FIG. 2.

In vitro modification of IRP2 by SNP. (A) Isoelectric focusing analysis for S-nitrosylation of IRP2 and identification of target cysteines. Following treatment of in vitro-translated [³⁵S]IRP2 with either 500 μM GSNO or SNP for 30 min, some samples (lanes 4, 5, 9, and 10) were treated with 10 mM DTT for an additional 5 min. Iodoacetate (35 mM) was added to protect sulfhydryls and to increase the negative charge on the unmodified thiol groups by its alkylation.
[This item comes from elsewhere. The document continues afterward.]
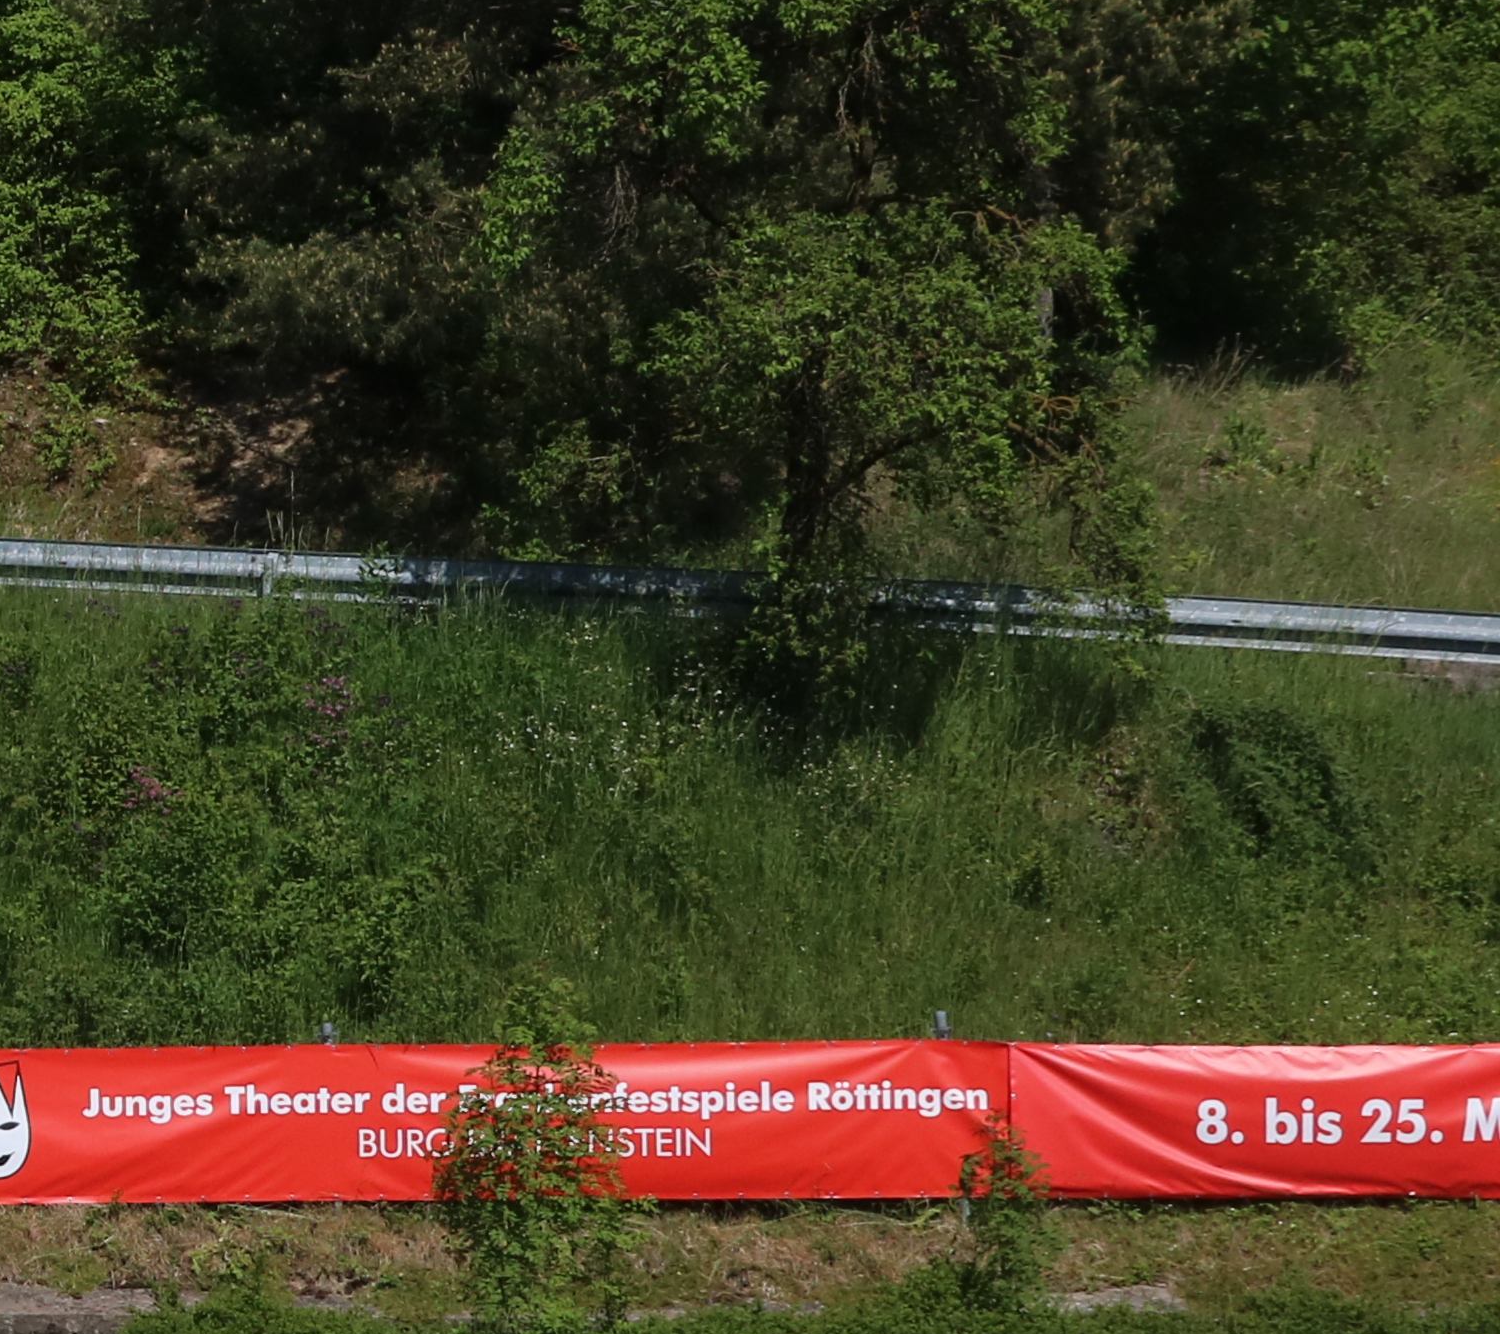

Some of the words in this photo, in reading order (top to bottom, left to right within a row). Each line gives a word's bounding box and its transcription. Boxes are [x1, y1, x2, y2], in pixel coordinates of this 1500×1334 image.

The protein was subjected to isoelectric focusing and detected by autofluorography. (B) In vitro S-nitrosylation of recombinant WT IRP2. Recombinant IRP2 was treated without (control [CTL]) or with 500 μM concentration of either GSNO or SNP for 30 min. Following this treatment, the samples were treated without or with HgCl₂ for 5 min and analyzed by slot blotting with anti-SNO antibody (Alexis Biochemicals Inc.). (C) In vitro ubiquitin conjugation assay of IRP2. In vitro-translated [³⁵S]IRP2 was treated with or without 500 μM SNP for 30 min and then incubated (for 1.5 h) with cell lysate prepared from RAW 264.7 cells and various reagents as indicated. (D) In vitro degradation assay. In vitro-translated IRP2 was pretreated with 500 μM SNP for 30 min and incubated without or with cell lysate from RAW264.7 cells and other reagents as indicated.